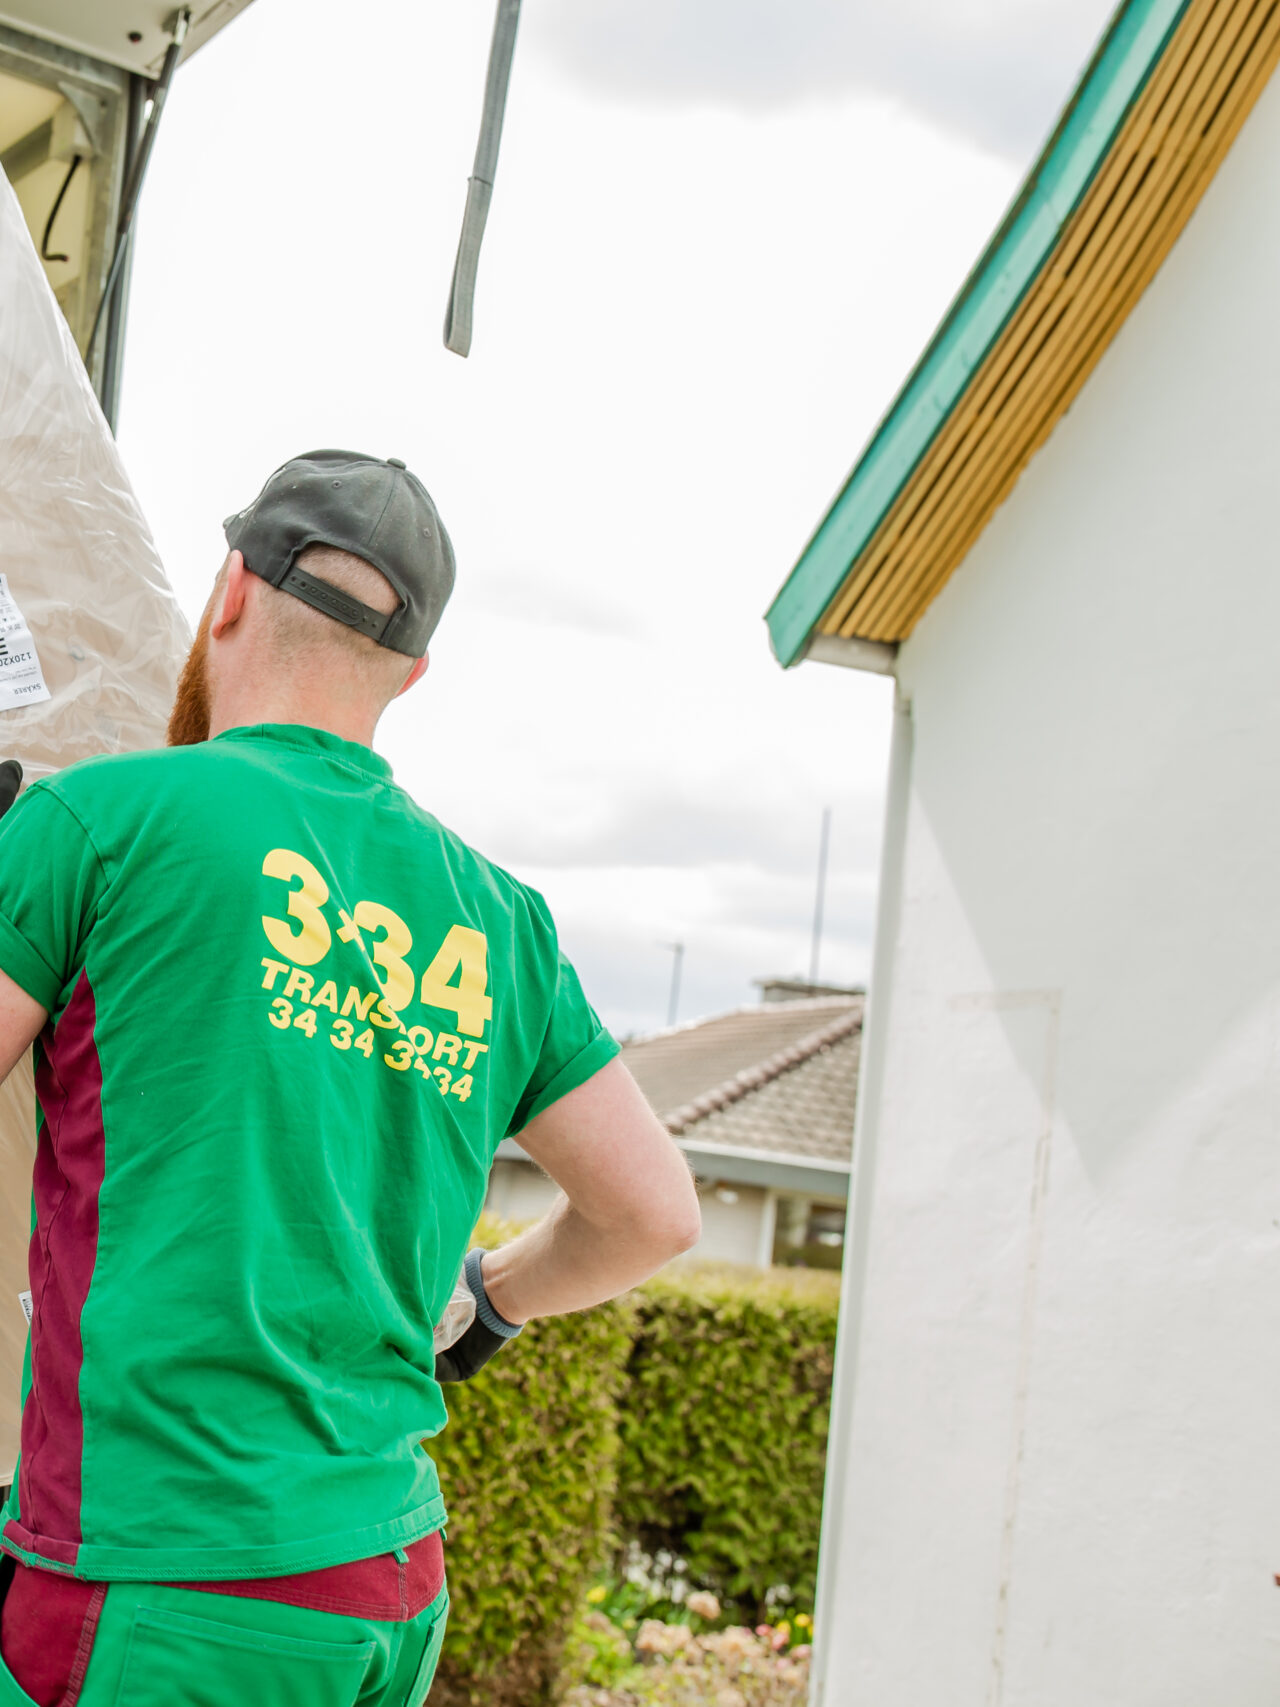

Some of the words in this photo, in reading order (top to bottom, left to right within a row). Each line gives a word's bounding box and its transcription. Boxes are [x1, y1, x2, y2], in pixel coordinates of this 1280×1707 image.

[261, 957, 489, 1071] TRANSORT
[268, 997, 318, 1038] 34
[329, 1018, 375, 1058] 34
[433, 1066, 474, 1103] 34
────────
Pictures aside, write out all of the records exactly.

Some of the words in this photo, in reading order (top to bottom, left to right within a row). Each line gives a word's bounding box and its transcription. Boxes are [x1, y1, x2, y2], in pixel coordinates of this 1280×1707 image.

[261, 957, 489, 1071] TRANSORT
[268, 997, 318, 1038] 34
[329, 1018, 375, 1058] 34
[433, 1066, 474, 1103] 34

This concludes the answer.